== Segment start ==

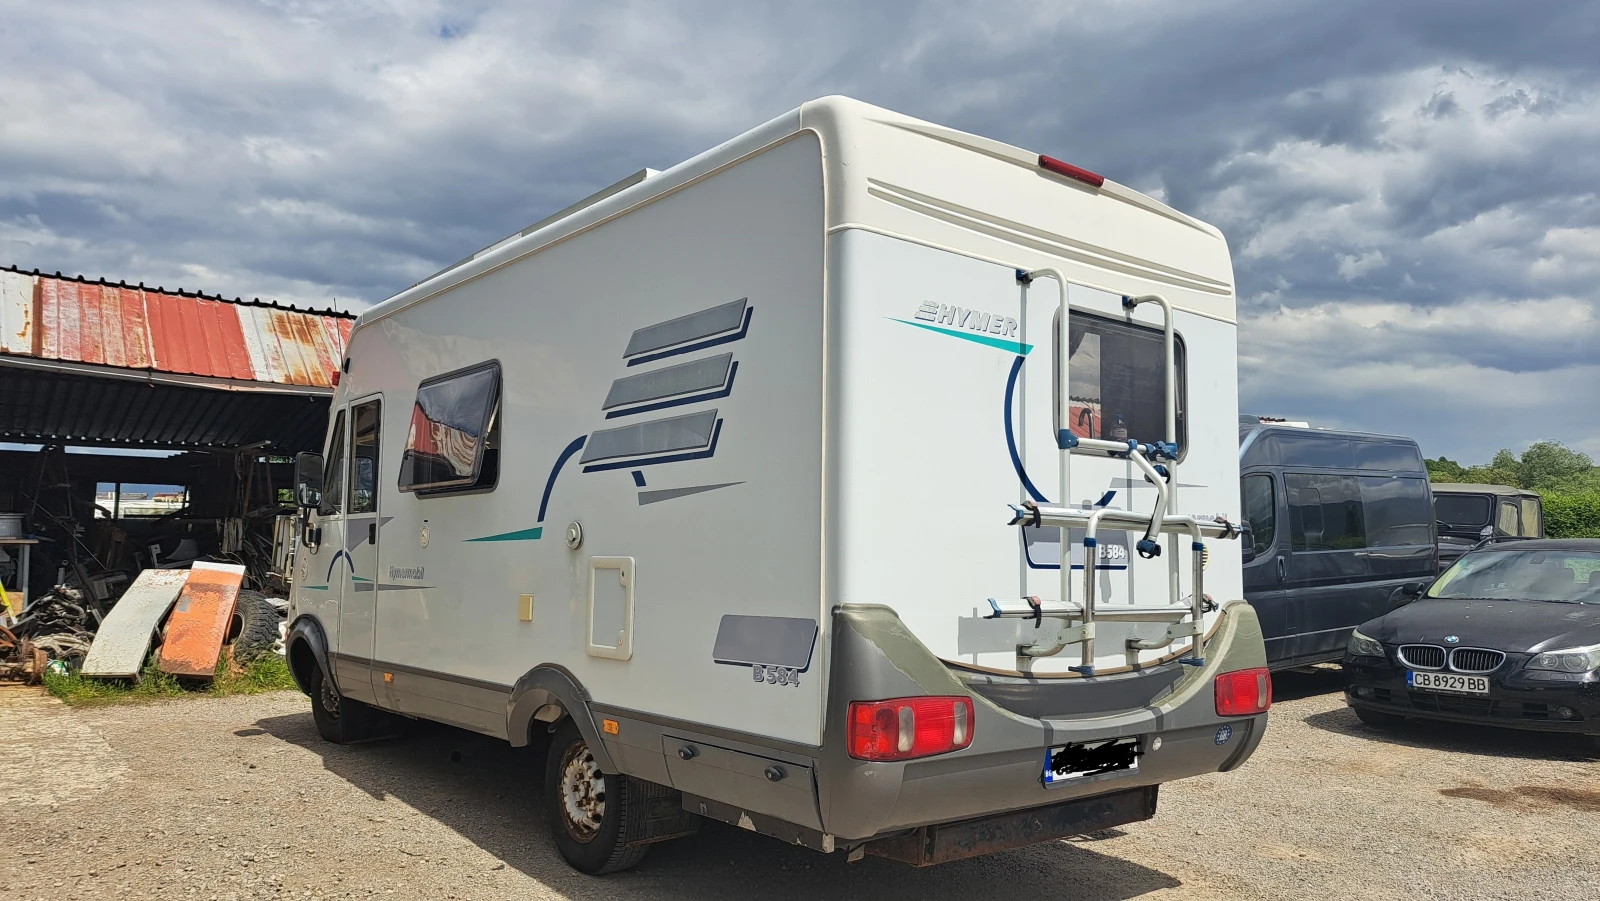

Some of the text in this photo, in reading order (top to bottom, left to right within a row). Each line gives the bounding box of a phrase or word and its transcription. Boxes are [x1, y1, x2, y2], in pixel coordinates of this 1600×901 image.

[937, 303, 1018, 337] HYMER
[1414, 673, 1486, 691] CB 8929 BB
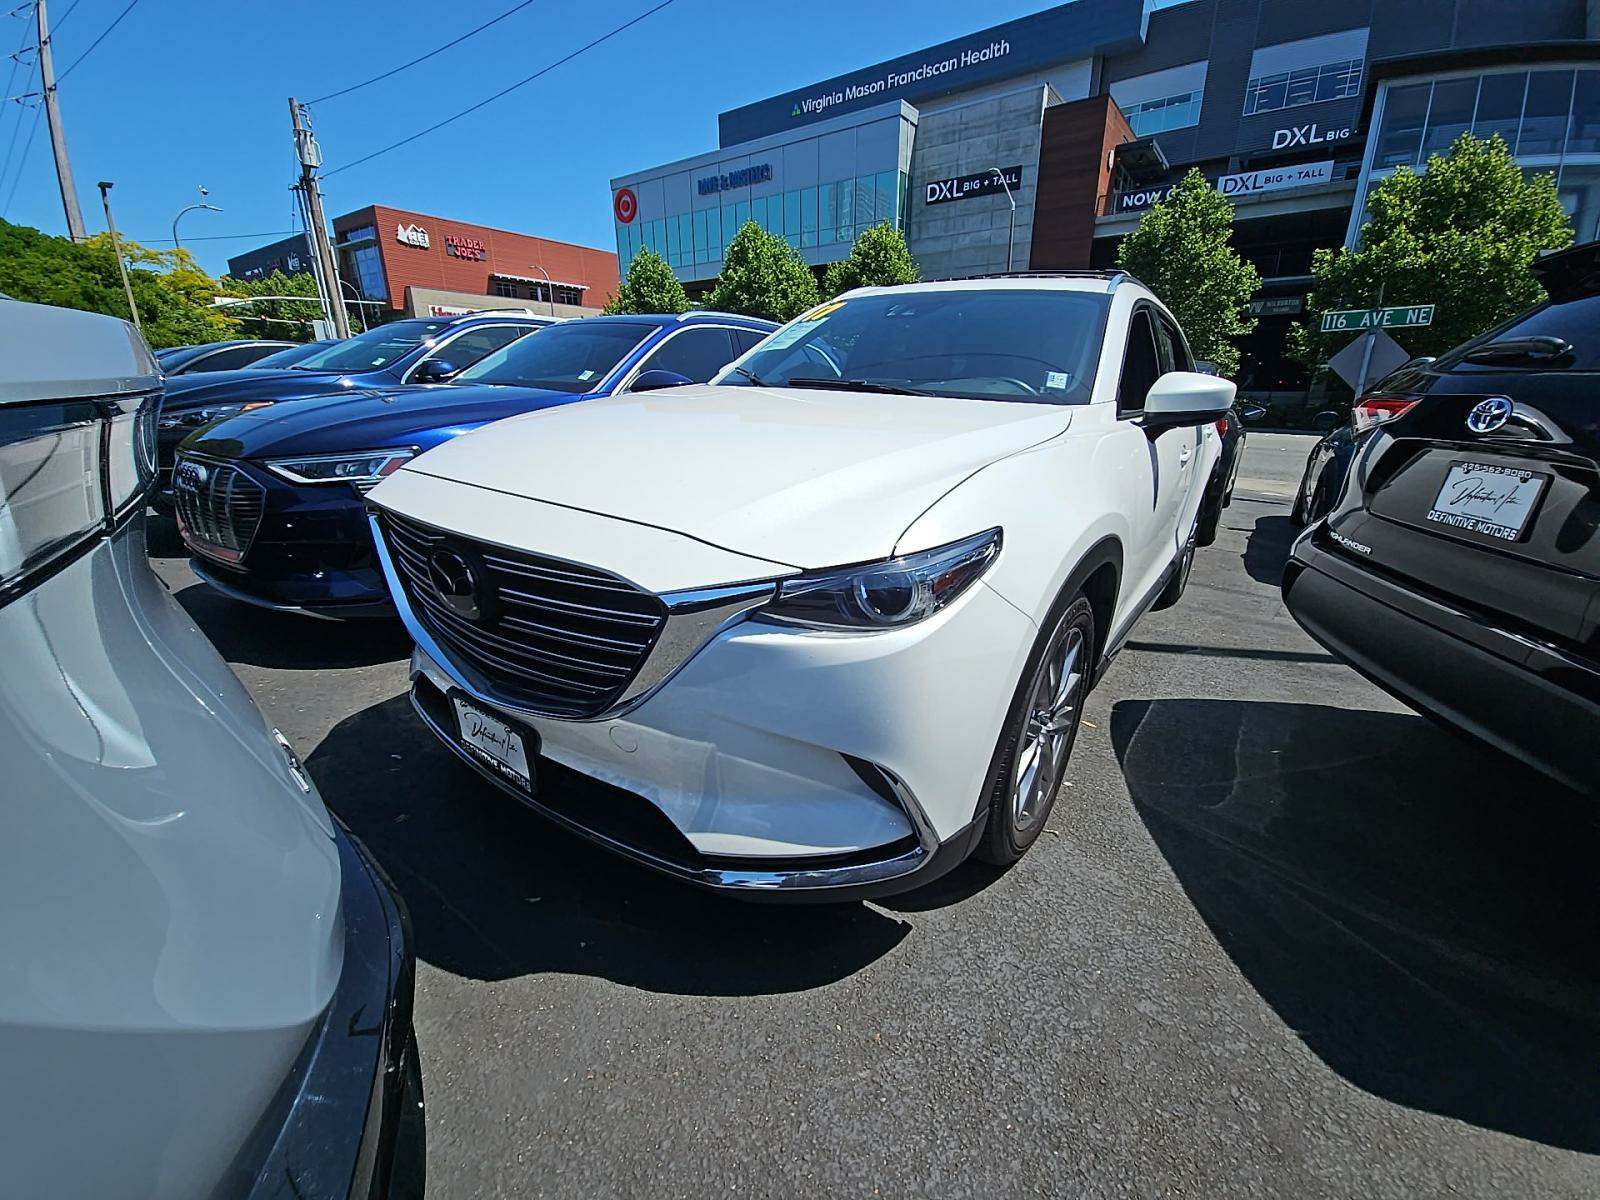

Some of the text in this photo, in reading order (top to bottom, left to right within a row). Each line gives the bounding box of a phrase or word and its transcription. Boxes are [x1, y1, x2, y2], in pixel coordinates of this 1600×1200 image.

[802, 39, 1010, 113] Virginia Mason Franciscan Health
[1272, 123, 1350, 150] DXL BIG
[926, 179, 964, 203] DXL
[963, 180, 980, 192] BIG
[993, 173, 1018, 186] TALL
[1223, 175, 1265, 194] DXL
[1264, 174, 1284, 185] BIG
[1297, 168, 1325, 180] TALL
[1122, 190, 1162, 208] NOW
[446, 234, 486, 250] TRADER
[455, 246, 481, 258] JOE'S
[1325, 308, 1431, 329] 116 AVE NE
[1427, 510, 1477, 532] DEFINITIVE
[1475, 522, 1519, 541] MOTORS
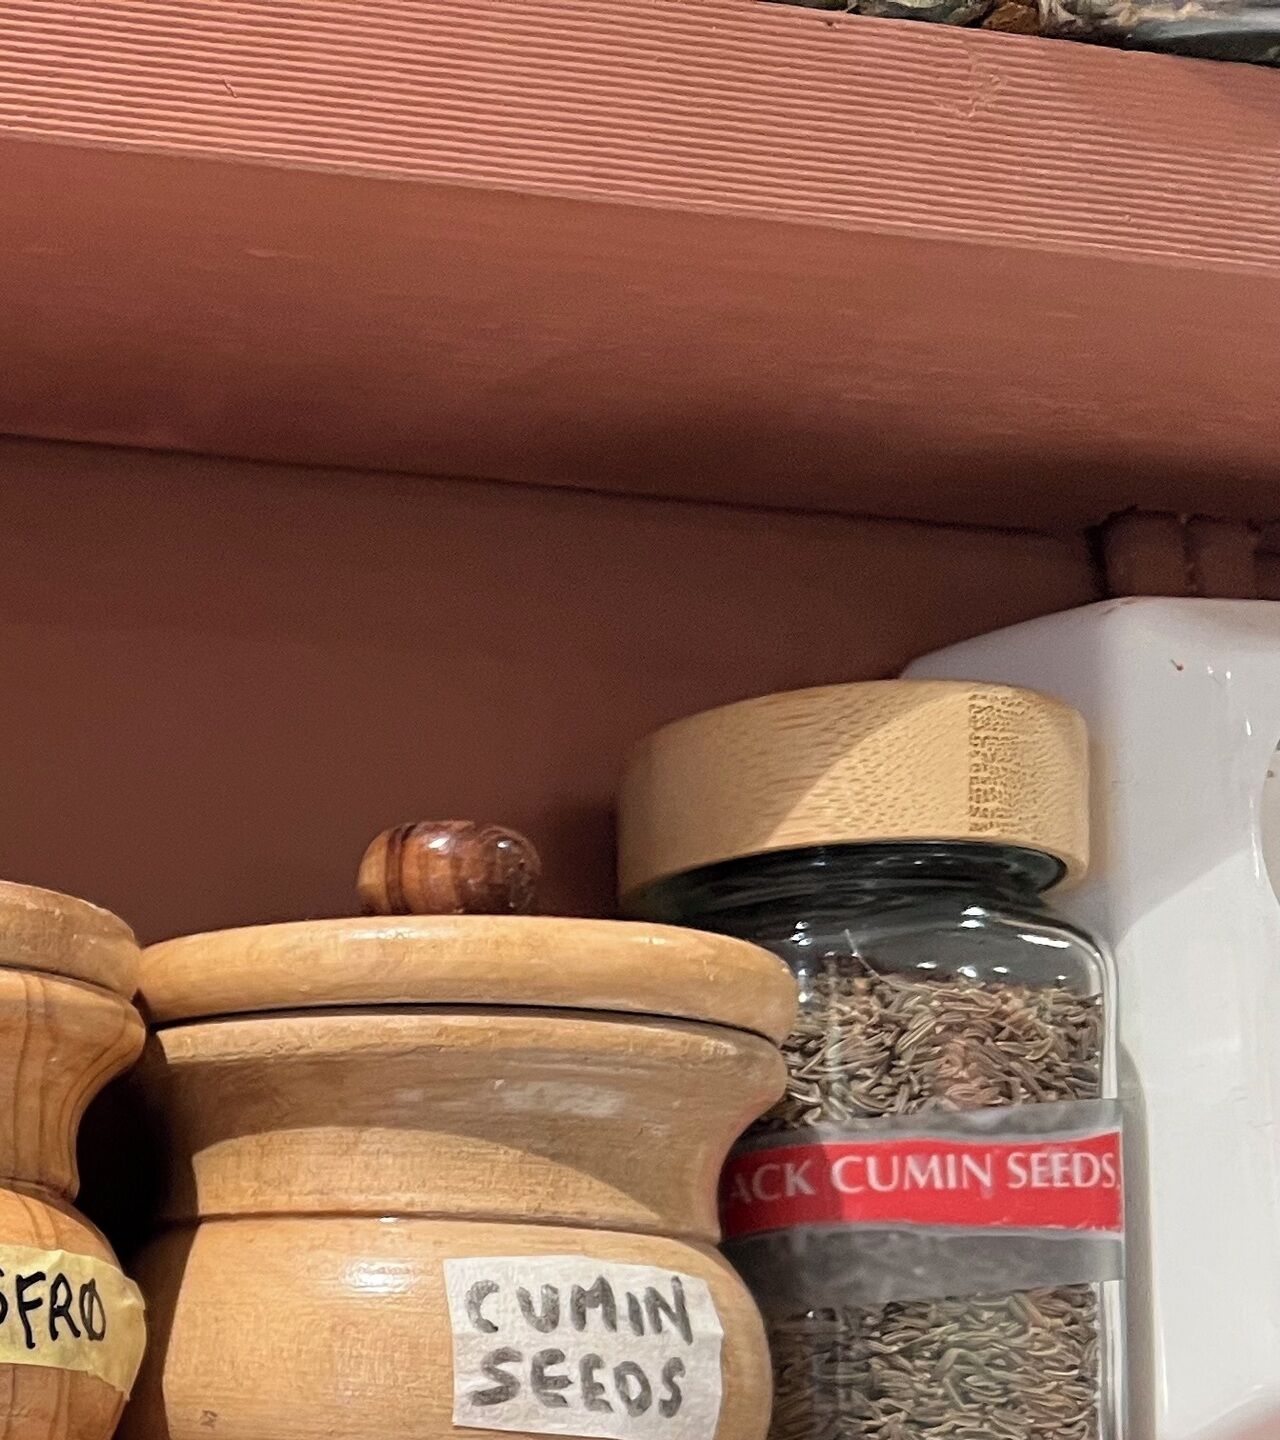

== Segment end ==

▶ **Work task**
Copy every line of the records exactly as it is written, but not the pictures.

▶ **Output for this task**
Some of the text in this photo, in reading order (top to bottom, left to right within a row). Each line gives the bounding box of a phrase or word and its transcription. Boxes are [x1, y1, x2, y2], in pixel coordinates of this 1600×901 image.

[937, 303, 1018, 337] HYMER
[1414, 673, 1486, 691] CB 8929 BB

Some of the text in this photo, in reading order (top to bottom, left to right within a row). Each line gives the bounding box of a phrase or word and its transcription. Boxes are [x1, y1, x2, y2], in pixel coordinates of this 1600×1200 image.

[802, 39, 1010, 113] Virginia Mason Franciscan Health
[1272, 123, 1350, 150] DXL BIG
[926, 179, 964, 203] DXL
[963, 180, 980, 192] BIG
[993, 173, 1018, 186] TALL
[1223, 175, 1265, 194] DXL
[1264, 174, 1284, 185] BIG
[1297, 168, 1325, 180] TALL
[1122, 190, 1162, 208] NOW
[446, 234, 486, 250] TRADER
[455, 246, 481, 258] JOE'S
[1325, 308, 1431, 329] 116 AVE NE
[1427, 510, 1477, 532] DEFINITIVE
[1475, 522, 1519, 541] MOTORS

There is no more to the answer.